These days I’ve been having a recurring thought that asked me to observe what I look forward to.
Well, I thought, I look forward to this and that, and the other thing. I have all these plans and visions. It’s thrilling really. The possibility, the uncertainty, the desire. But then, another thought came along, Yes, all that, but where are you right now?
For a moment, only a brief moment, I got it. I remembered those times when I had asked myself, What am I waiting for? What is missing right now?
Unlike some years back, I have an answer to that question: nothing. Somehow life has gifted me with everything I have ever dreamed of and more. Yet, there is a search, an expectation, a longing still.
I’m now learning that this longing is double-edged. On one hand, it extends our vision, creating more space for us to expand and become more of what we can be. On the other hand, it pushes us away from enjoying everything what we have already accomplished and all that we have already become.

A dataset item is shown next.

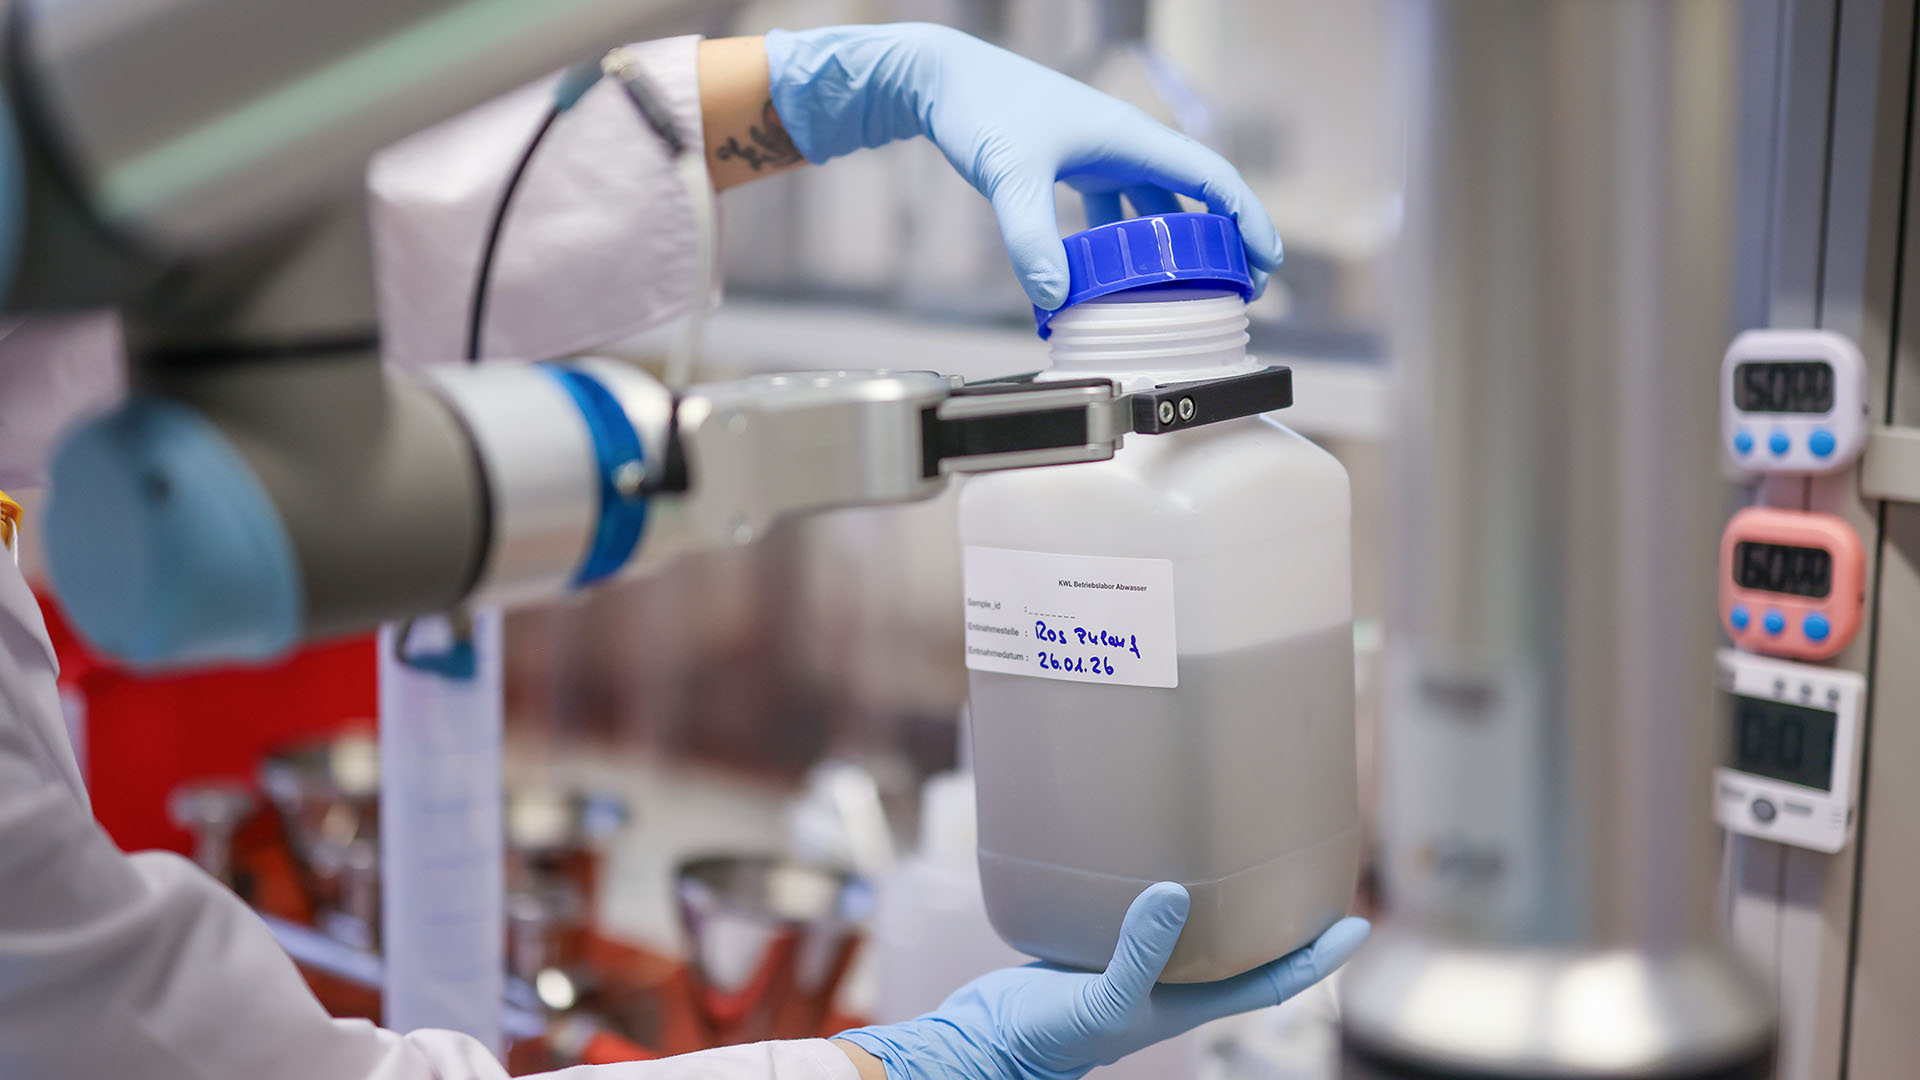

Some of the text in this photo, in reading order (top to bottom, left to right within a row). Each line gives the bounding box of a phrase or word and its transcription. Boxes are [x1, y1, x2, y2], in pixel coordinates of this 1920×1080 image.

So, I stopped. I stopped and I wondered,
What am I putting so much energy into?
When I got an answer to that, I continued,
Who am I doing it for?
Why am I doing it?
When I got to the last inquiry, things got interesting. My mind innocently offered me the answer. I was spending time and energy to accomplish goals that have been set by someone else so I can be acknowledged. So someone else can see I have it in me and I can do it.
Interestingly enough, once I identified the road map, I stopped worrying about it. Yes, I’m venturing into new territory, it involves people, worldly goals, practical tasks that won’t lead to spiritual enlightenment and that will cease to mean anything once they have been accomplished. But I chose this and, as long as I understand my own motives, there will be something to learn every step of the way.

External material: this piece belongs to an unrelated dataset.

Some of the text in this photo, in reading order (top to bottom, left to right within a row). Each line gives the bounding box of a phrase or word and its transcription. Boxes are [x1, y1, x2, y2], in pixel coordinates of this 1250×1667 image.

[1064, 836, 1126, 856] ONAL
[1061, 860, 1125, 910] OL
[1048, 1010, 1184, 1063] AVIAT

Observing my choices impartially has also allowed me to understand that, beyond what I choose, beyond which way I go and what I do along the way, there is a constant – being aware of it all from the unique and original perspective I gain in the moment of the experience.
I’ve realised that I have to allow that longing to lead me into creative spaces where experiences are born, while always staying aware of that process of creation and of what it is adding to the present moment.

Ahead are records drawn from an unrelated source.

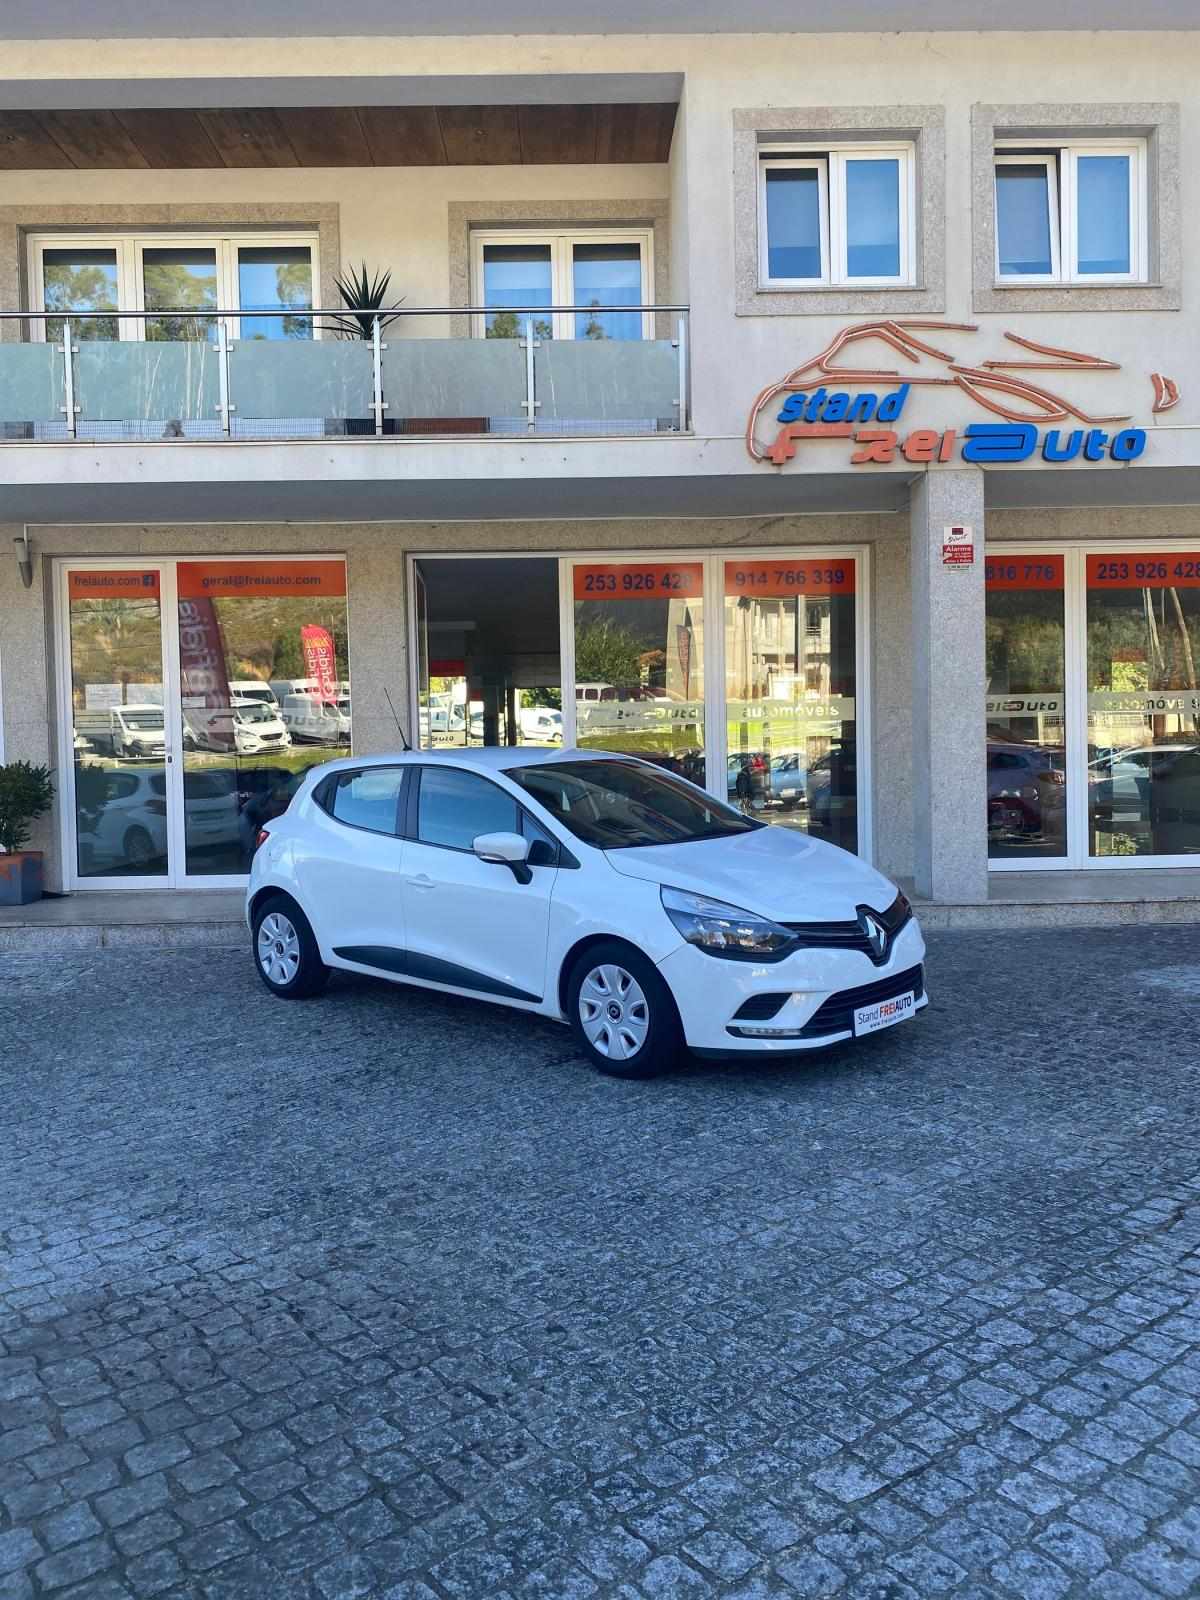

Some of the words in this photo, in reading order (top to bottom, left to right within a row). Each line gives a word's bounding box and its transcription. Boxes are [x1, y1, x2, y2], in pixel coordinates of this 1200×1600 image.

[777, 384, 910, 423] stand
[736, 571, 767, 586] 914
[774, 571, 806, 586] 766
[812, 569, 845, 585] 339
[1023, 565, 1056, 580] 776
[1097, 563, 1130, 580] 253
[1136, 562, 1168, 579] 926
[1173, 562, 1200, 578] 428
[75, 575, 140, 587] freiauto.com
[202, 575, 321, 587] geral@freiauto.com
[585, 574, 617, 592] 253
[623, 573, 655, 591] 926
[858, 1008, 878, 1024] Stand
[879, 995, 912, 1018] FREIAUTO

I understood that all experiences are equal, that we could be choosing one thing over another, and that all choices impact us differently, yet that does not mean they have a different value. Motivations may differ, results may vary, how we feel will definitely alternate in ways we cannot always predict or control; yet, all that matters is that we stay aware of where we are in every moment while remembering there is nothing lacking and nothing to be gained. All there is, is an appreciation of life as a gift of unique and inimitable present awareness of experiences.